Thursday, October 29, 2009

Social networks and fundraising

I spent the end of last week in Washington DC for a St. John's alumni event. While I was in DC (where I worked for almost 4 years at American University) I set up a visit with a colleague from Catholic University who work in Annual Giving. Catholic is a companion School to St. John's and we had been following them on facebook for some time.
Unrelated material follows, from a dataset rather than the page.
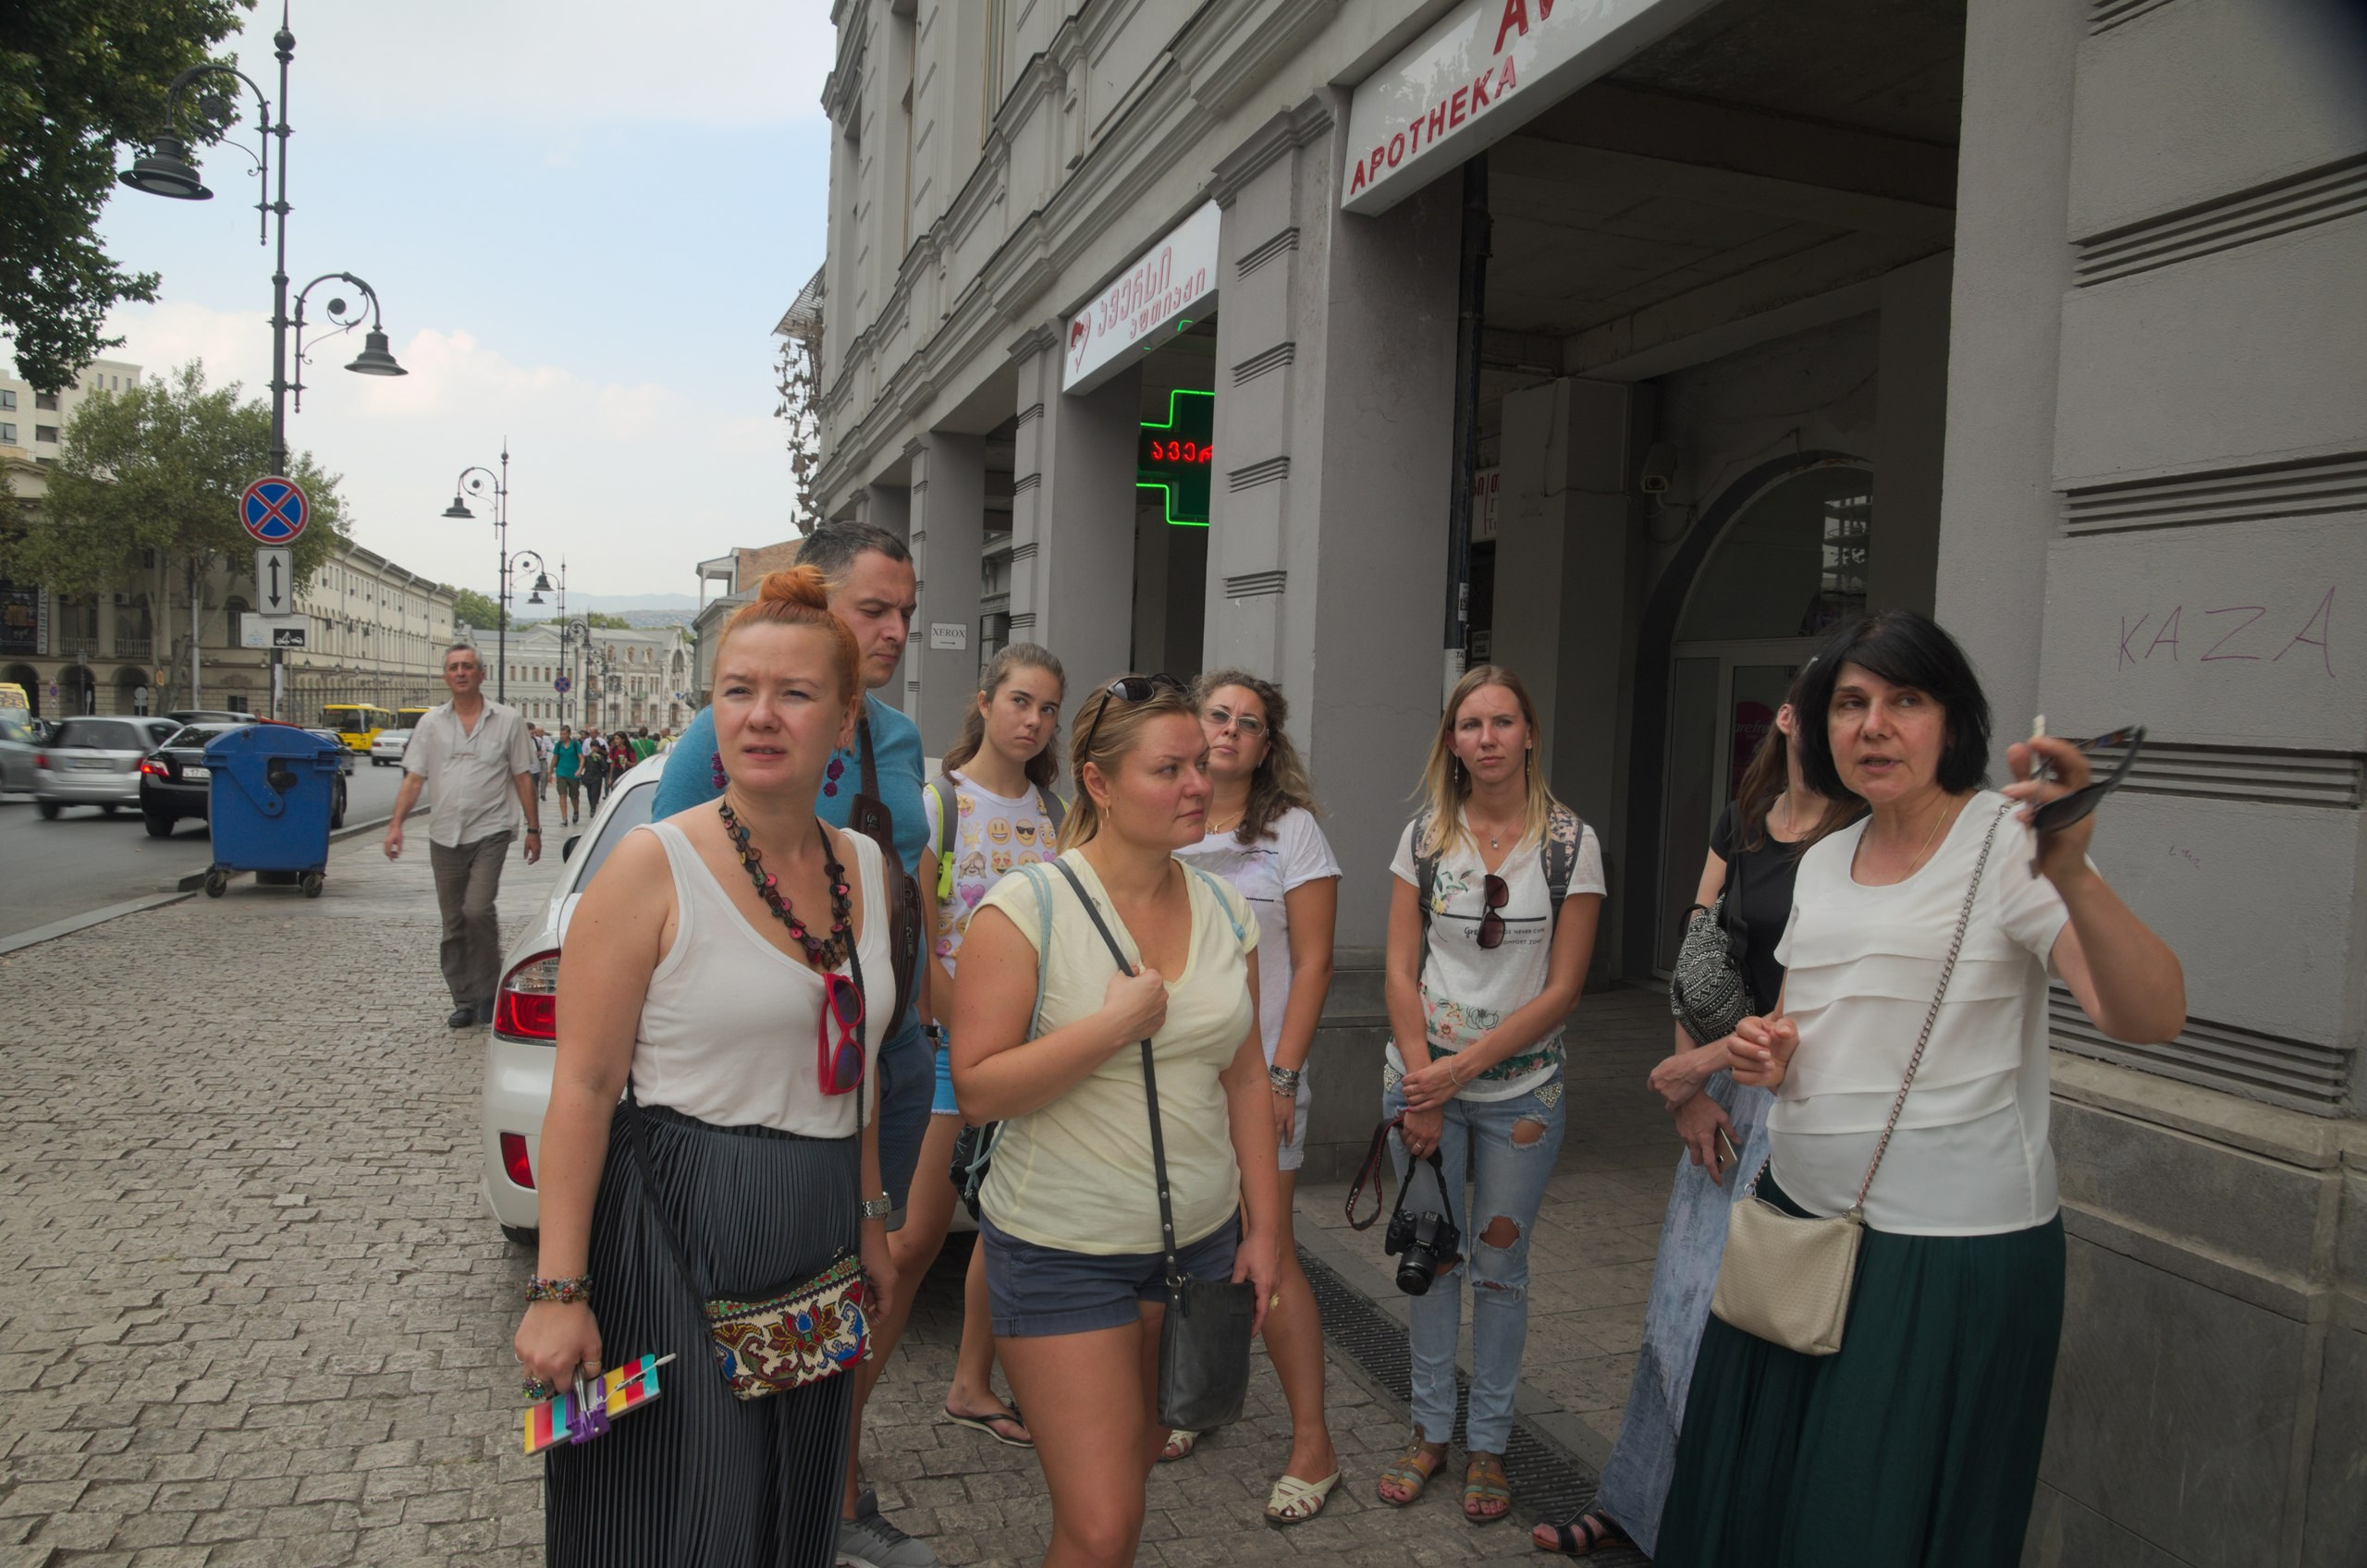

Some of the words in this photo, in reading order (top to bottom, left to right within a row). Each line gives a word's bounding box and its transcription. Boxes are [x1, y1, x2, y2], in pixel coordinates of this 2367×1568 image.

[1350, 55, 1516, 196] APOTHEKA
[1098, 245, 1171, 337] ავერსი
[932, 628, 966, 638] XEROX
[2116, 585, 2337, 680] KAZA
As a result I asked him to coordinate a meeting with the alumni office folks who run their facebook page.

This is step one of the social networking - using the folks that you have relationships with to increase the knowledge base that you possess.  Using that resource was invaluable in this case as it gave me the background to approach the internal constraints that I have on getting this done and present them with a plan and an approach that has already been tested and that I am able to show potential results from.

That approach is as follows:
Use Twitter as the base for all posts.  By setting up the RSS feeds between twitter and facebook you are able to pull the status updates from twitter into facebook.  Using http://hootsuite.com/ as the upload client, you can schedule the tweets and thus schedule your facebook status updates.  The RSS feeds create a cascade effect with a delay between the tweet and the status update.  This can be done using a facebook ap that uses the #fb tag to carry those items through into status updates.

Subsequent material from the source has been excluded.